The gang members start as early as 12. Overwhelmingly they come from broken, workless homes and start out as couriers or lookouts for the older members.

Then they progress up the pecking order, their rising status measured by the viciousness of the crimes they commit.

It is surely by now impossible for even the most lily-livered liberal to deny the association between social breakdown – the unmarried parenting and worklessness prevalent in urban areas – and the development of these gangs.

In Norris Green more than half the people are in social housing and the workless rate is 35 per cent – far above the national average.

A worrying number of estates around the country have turned into ghettoes of hopelessness, vandalism, crime and fear.

A recent poll by YouGov found that a third of social housing tenants nationwide feel that where they live is not “reasonably safe”. Nearly half won’t say that they trust their neighbours and 40 per cent don’t believe that local schools provide a good education.

So the underclass has grown and become concentrated in many council estates. What are we going to do about it?

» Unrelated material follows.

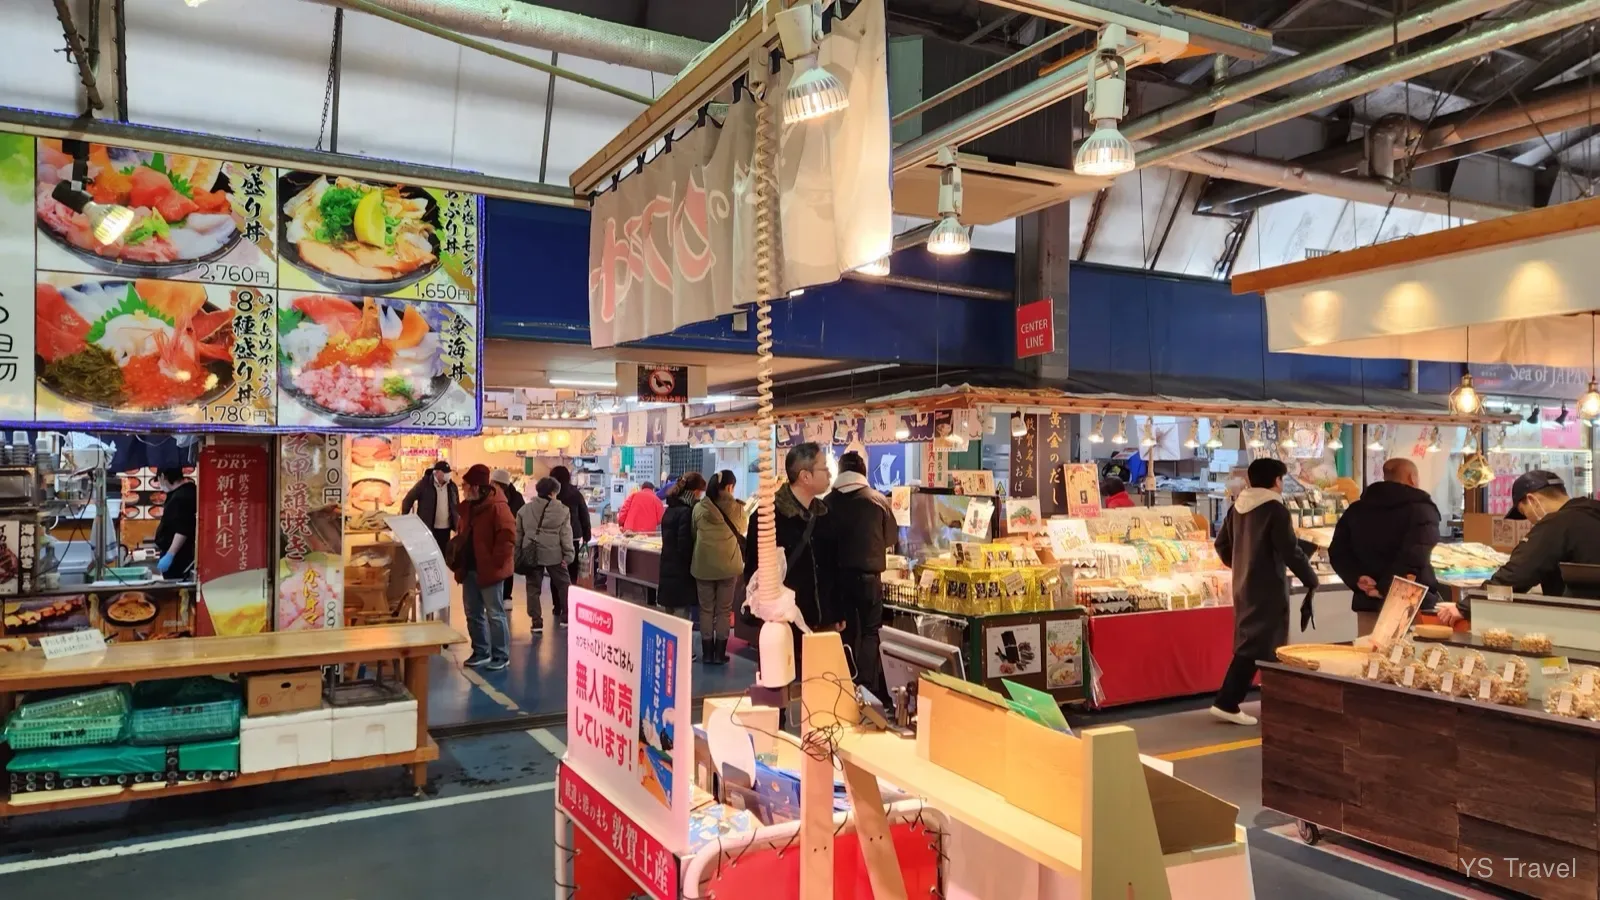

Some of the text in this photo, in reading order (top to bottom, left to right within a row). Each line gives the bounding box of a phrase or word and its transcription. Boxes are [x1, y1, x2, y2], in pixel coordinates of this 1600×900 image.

Of course, we can start by tackling the weaknesses in ­policing, prosecuting and sentencing. These communities have a crisis on their hands and it is offensive that so much ­police time is taken up with ­paperwork.

It is absurd that the police should have known so much about the wrong-doings of Sean Mercer yet have been unable to lock him away until now.

The weakness of our ­justice system – and those who made it so weak – bears a responsibility for the death of Rhys, so it would help if Labour fulfilled its promise to be “tough on crime”. But we need to go much deeper. One of the major causes of crime is the way many estates have ­become centres of unemployment and fractured families.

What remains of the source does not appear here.